---------- Material for the task
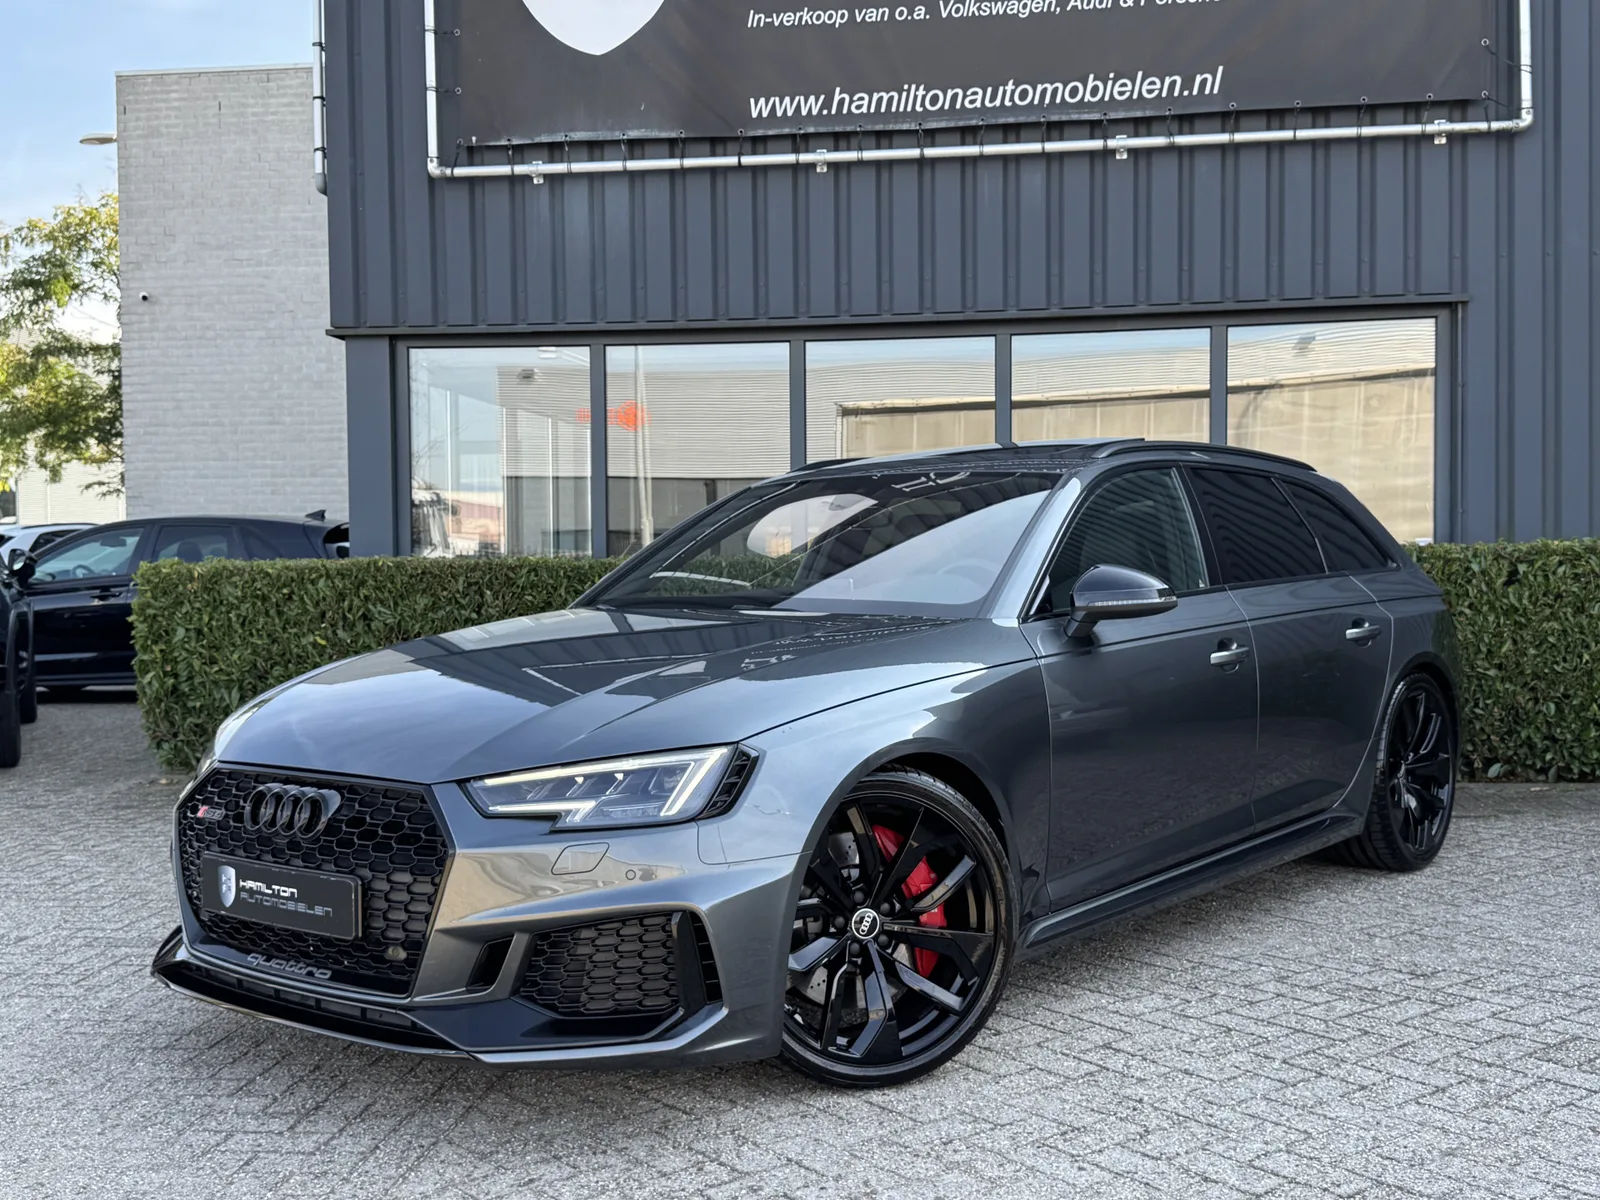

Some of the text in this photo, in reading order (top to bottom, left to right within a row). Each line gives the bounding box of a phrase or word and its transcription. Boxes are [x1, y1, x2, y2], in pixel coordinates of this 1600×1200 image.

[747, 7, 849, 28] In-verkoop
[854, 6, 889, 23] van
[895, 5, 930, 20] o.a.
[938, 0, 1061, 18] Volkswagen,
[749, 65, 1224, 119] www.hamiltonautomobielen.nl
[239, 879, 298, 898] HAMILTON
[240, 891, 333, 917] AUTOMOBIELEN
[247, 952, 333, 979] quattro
--------------------
■ Task statement:
Type the entries above out again exactly, with no pictures.

■ Exercise answer:
Some of the text in this photo, in reading order (top to bottom, left to right within a row). Each line gives the bounding box of a phrase or word and its transcription. Boxes are [x1, y1, x2, y2], in pixel coordinates of this 1600×1200 image.

[747, 7, 849, 28] In-verkoop
[854, 6, 889, 23] van
[895, 5, 930, 20] o.a.
[938, 0, 1061, 18] Volkswagen,
[749, 65, 1224, 119] www.hamiltonautomobielen.nl
[239, 879, 298, 898] HAMILTON
[240, 891, 333, 917] AUTOMOBIELEN
[247, 952, 333, 979] quattro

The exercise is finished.